Building a floating deck is a great way to use your backyard, giving you and your family a space to kick back and relax. Unlike traditional decks, Floating decks are not attached to a building and instead "float" above the ground; people also refer to them as grade-level decks since they're built just above the grade (a technical word for the ground). 

The simplicity of their design and construction makes building a floating deck possible for DIYers with the right tools and knowledge. We'll explore the advantages of building a floating deck and the codes and regulations you need to know. If you run into trouble or need assistance, a local deck and patio construction professional is only a call away.

Advantages of Building a Floating Deck

A floating deck offers numerous advantages compared to traditional pier-supported decks. Here's why building a freestanding deck is more straightforward to build and less expensive:

  • Floating decks don't require frost-depth footings because the deck blocks sit on top of the soil.
  • Deck blocks allow homeowners to build a floating deck on uneven ground.
  • Because there is no digging or excavating, you'll spend less on materials and equipment, skipping the back-breaking work.
  • You won't need to buy concrete, mix it, or clean up the mess after the build.
  • You won't risk hitting a sewage pipe or service cable by digging holes for the piers.
  • There's no need for handrails since the deck is close to the ground.
  • Because a floating deck is ground level, repairing and maintaining it is convenient and relatively easy.

A floating deck is easy to build for DIYers with the right tools and knowledge. It's also easy to care for and has built-in mobility because it can be disassembled and hauled—try that with a conventional deck!

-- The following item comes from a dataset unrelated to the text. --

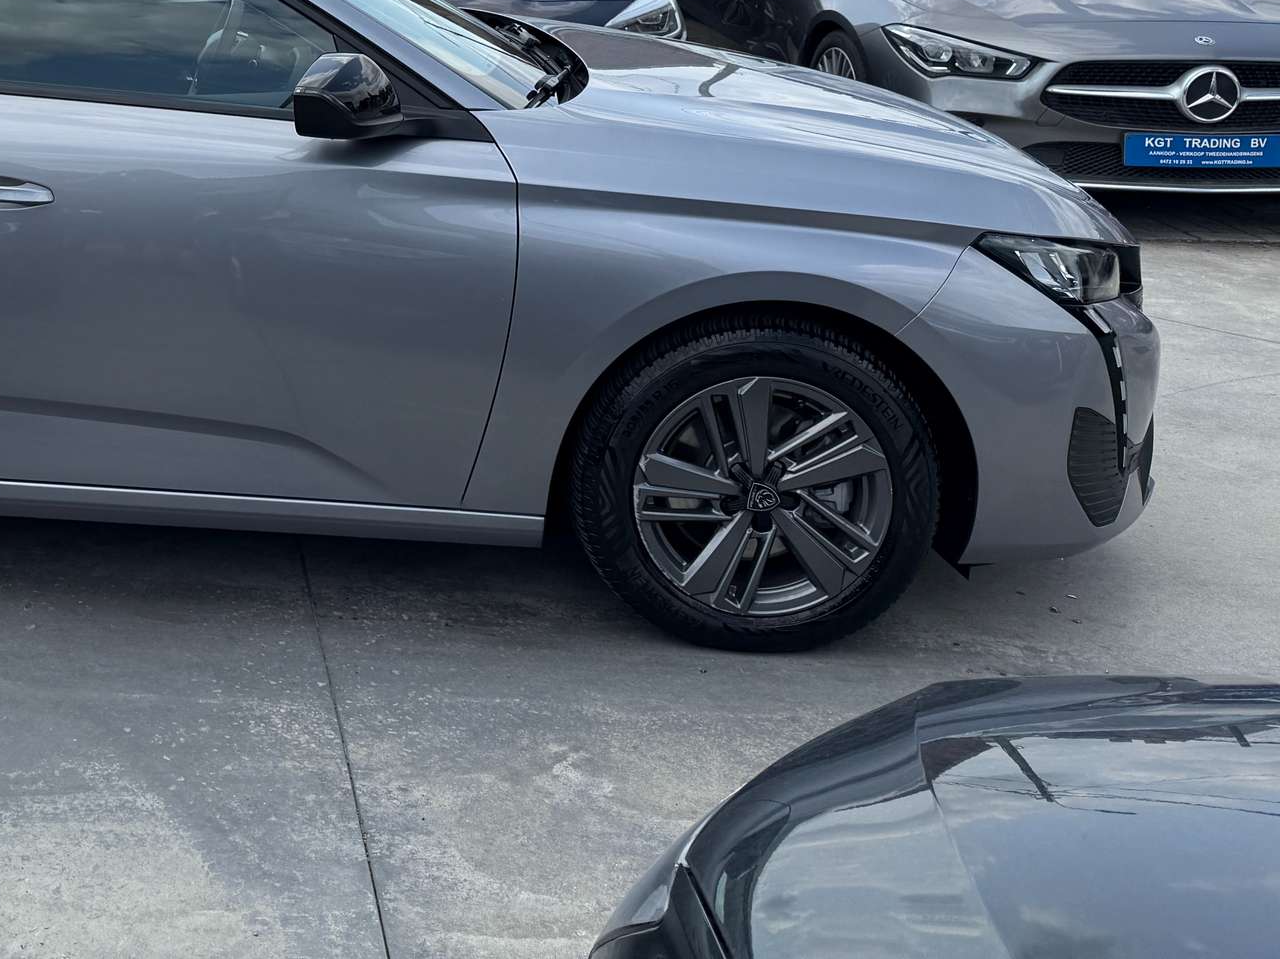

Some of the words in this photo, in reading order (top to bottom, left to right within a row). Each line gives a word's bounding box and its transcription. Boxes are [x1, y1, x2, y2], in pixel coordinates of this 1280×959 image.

[1144, 137, 1173, 148] KGT
[1183, 138, 1241, 149] TRADING
[1250, 138, 1268, 148] BV

Pro Tip: If you have an existing deck in poor condition, you may not have to build a new deck from scratch—deck repair services may be a better option.

Floating Deck Codes and Regulations

A handyman using a drill to assemble a floating deck

Another benefit of a floating deck is that you might not need a permit to build it. You likely won’t need a permit for your floating deck if your project meets the following criteria:

  • The deck takes up fewer than 200 square feet.
  • The deck is not more than 30 inches above the ground.
  • The deck is not attached to your house.
  • The deck is not in front of an egress door.

However, always check your local building codes first to ensure compliance. You can also contact a service professional for information on whether you need a building permit and to ensure that your deck is constructed to code. You don’t want to risk putting up a deck only to have to dismantle it later and possibly even pay a fine.

What Do I Need To Build a Floating Deck? 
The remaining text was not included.